→ Record excerpts
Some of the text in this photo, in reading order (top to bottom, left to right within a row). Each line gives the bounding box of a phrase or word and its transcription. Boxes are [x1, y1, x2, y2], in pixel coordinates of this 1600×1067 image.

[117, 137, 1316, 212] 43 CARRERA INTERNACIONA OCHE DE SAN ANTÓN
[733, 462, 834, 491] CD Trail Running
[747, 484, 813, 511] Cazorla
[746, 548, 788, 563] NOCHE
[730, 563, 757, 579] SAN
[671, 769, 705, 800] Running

→ Exercise goal
All of the material must be reproduced exactly.

→ Task response
Some of the text in this photo, in reading order (top to bottom, left to right within a row). Each line gives the bounding box of a phrase or word and its transcription. Boxes are [x1, y1, x2, y2], in pixel coordinates of this 1600×1067 image.

[117, 137, 1316, 212] 43 CARRERA INTERNACIONA OCHE DE SAN ANTÓN
[733, 462, 834, 491] CD Trail Running
[747, 484, 813, 511] Cazorla
[746, 548, 788, 563] NOCHE
[730, 563, 757, 579] SAN
[671, 769, 705, 800] Running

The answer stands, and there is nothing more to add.